The Protective Effect of Melatonin vs. Vitamin E in the Ischemic/Reperfused Skeletal Muscle in the Adult Male Rat ModelEnas A. Mohamed*
Department of Anatomy, Faculty of Medicine, Cairo University, Egypt
- *Corresponding Author:
- Enas A. Mohamed
Department of Anatomy
Faculty of Medicine, Cairo University
E-mail: [email protected]
Received date: February 19, 2015; Accepted date: March 27, 2015; Published date: March 29, 2015
Citation:Mohamed EA (2015) The Protective Effect of Melatonin vs. Vitamin E in the Ischemic/Reperfused Skeletal Muscle in the Adult Male Rat Model. J Cytol Histol S3:005. doi:10.4172/2157-7099.S3-005
Copyright: © 2015 Mohamed EA. This is an open-access article distributed under the terms of the Creative Commons Attribution License, which permits unrestricted use, distribution, and reproduction in any medium, provided the original author and source are credited.

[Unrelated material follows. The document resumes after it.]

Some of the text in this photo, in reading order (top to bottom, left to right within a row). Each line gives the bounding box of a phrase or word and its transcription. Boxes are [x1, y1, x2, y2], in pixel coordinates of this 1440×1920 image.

Aim: The present study was designed to evaluate the role vitamin E vs. melatonin in the prevention of the harmful effect of ischemia/reperfusion on the skeletal muscle of the adult male albino rat.

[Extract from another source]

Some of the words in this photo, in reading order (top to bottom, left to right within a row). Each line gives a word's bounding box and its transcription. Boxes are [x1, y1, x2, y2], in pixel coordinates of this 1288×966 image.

Materials and methods: forty-four adult male albino rats were used in this study. The rats were divided into four groups; each group consisted of 6 rats. Group I (control group), group II (ischemic/reperfusion group): ischemia was induced by clamping the right femoral arteries for two hours then the clamps were removed for 2 hours to induce reperfusion, group III (Vit E–treated group): the rats received Vitamin E injection one hour prior to reperfusion and group VI (Melatonin-treated group): the rats received melatonin injection one hour prior to reperfusion. At the end of the experiment, rats were sacrificed and samples from the right quadriceps muscles were subjected to biochemical, light and electron microscopic studies. The oxidative markers malondialdehyde (MDA) and glutathione (GSH) were measured in the muscular tissue.

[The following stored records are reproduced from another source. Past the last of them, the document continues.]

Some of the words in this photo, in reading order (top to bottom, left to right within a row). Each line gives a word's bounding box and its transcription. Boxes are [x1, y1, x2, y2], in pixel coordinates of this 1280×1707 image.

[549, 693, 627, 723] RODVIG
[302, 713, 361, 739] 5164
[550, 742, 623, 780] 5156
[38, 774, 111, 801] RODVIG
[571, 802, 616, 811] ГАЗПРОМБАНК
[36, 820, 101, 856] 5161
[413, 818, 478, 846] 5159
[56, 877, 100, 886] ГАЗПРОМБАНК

Results: The skeletal muscle was markedly affected after induction of ischemia/reperfusion. The skeletal myocytes showed fragmentation, cytoplasmic lysis and degeneration. The nuclei were pyknotic and central. There were intercellular edema and exudation. The mitochondria were damaged and there was vascular congestion. The mean value of MDA increased, while that of the GSH decreased. The administration of vitamin E or melatonin showed marked improvement in the biochemical profile as well as the histological architecture of the skeletal muscle. However, the improvement was more obvious in the melatonin-treated group.
Conclusion: The protective effect of melatonin is superior to vitamin E in the protection of the skeletal muscle against the harmful effect of I/R.